▼

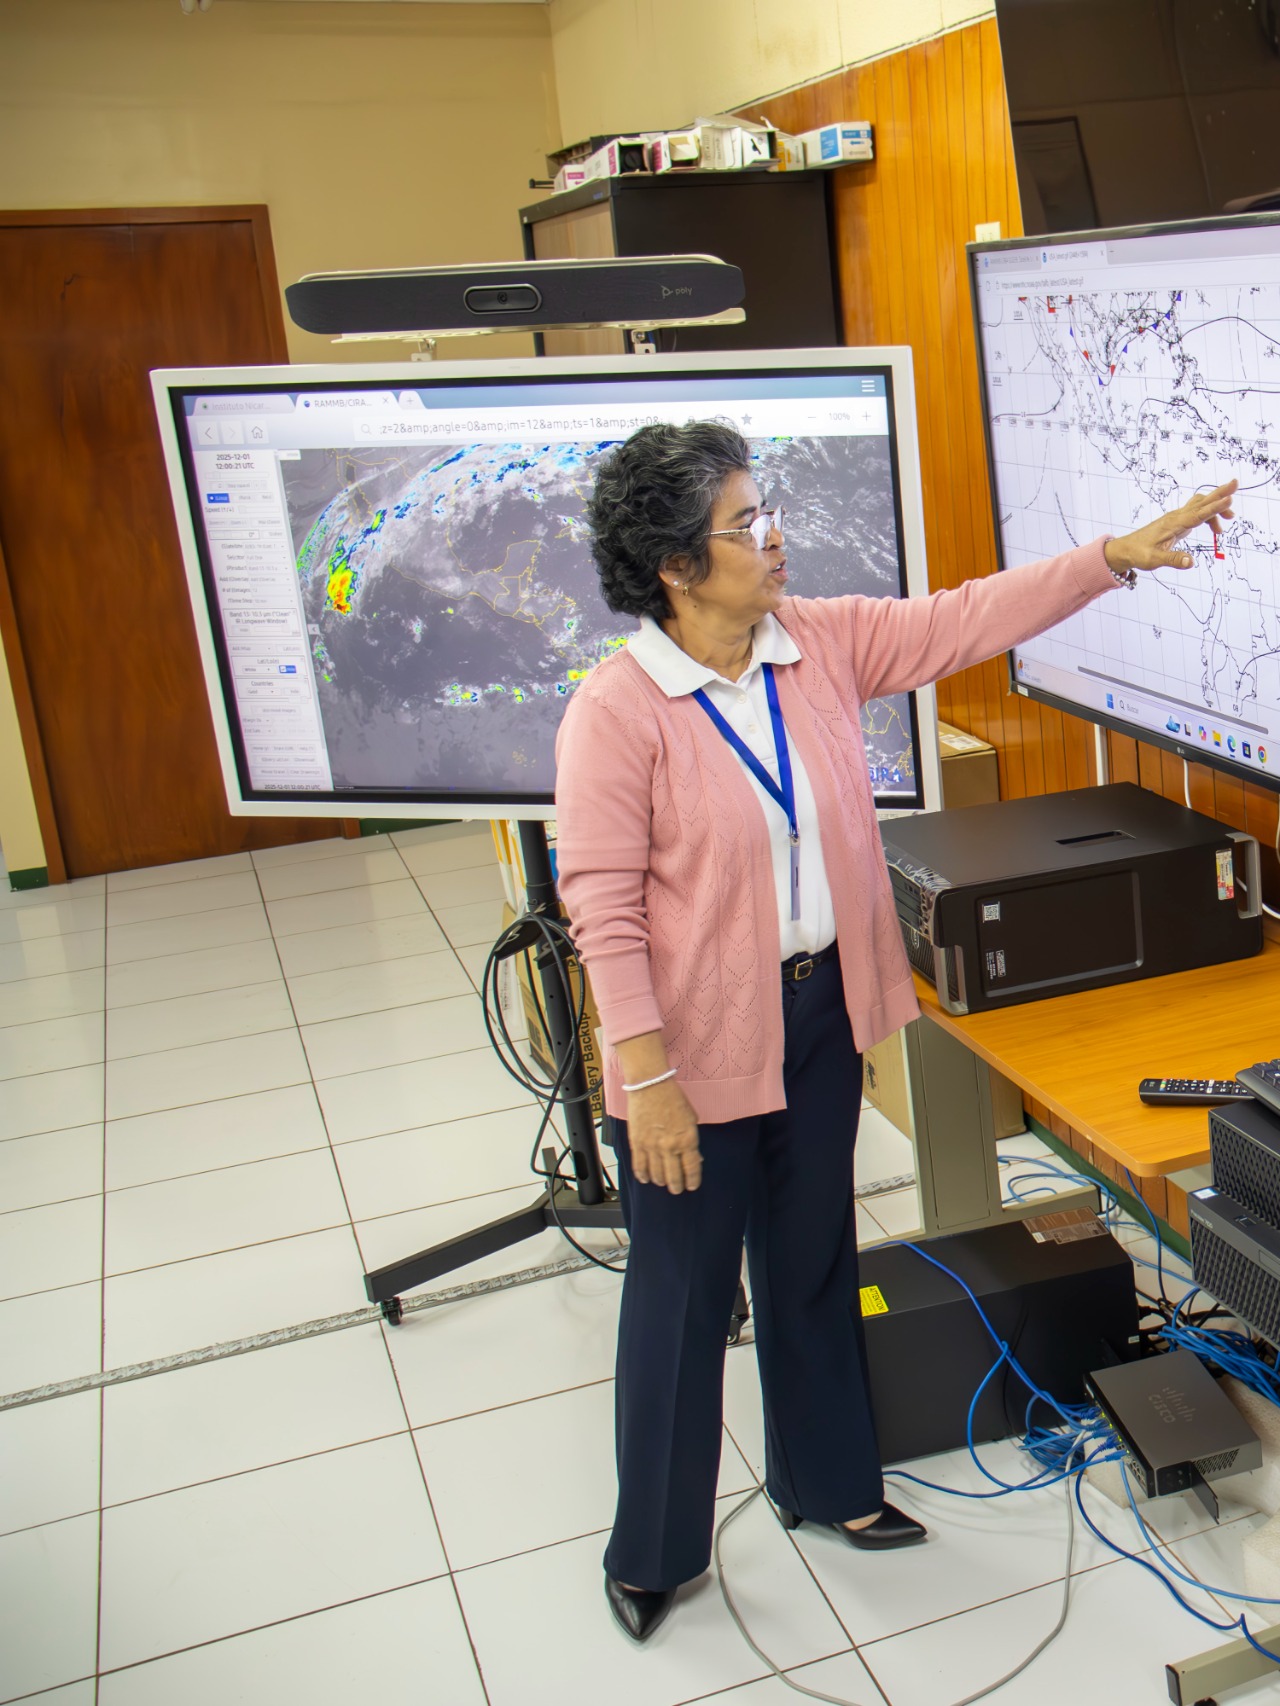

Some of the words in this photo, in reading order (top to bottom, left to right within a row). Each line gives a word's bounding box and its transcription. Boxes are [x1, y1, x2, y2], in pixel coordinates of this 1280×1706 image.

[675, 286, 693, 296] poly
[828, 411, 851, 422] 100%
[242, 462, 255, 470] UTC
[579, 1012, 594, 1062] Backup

▲

Copy out every entry above verbatim. Leave each picture out.

**THE ANSWER**
Some of the words in this photo, in reading order (top to bottom, left to right within a row). Each line gives a word's bounding box and its transcription. Boxes are [x1, y1, x2, y2], in pixel coordinates of this 1280×1706 image.

[675, 286, 693, 296] poly
[828, 411, 851, 422] 100%
[242, 462, 255, 470] UTC
[579, 1012, 594, 1062] Backup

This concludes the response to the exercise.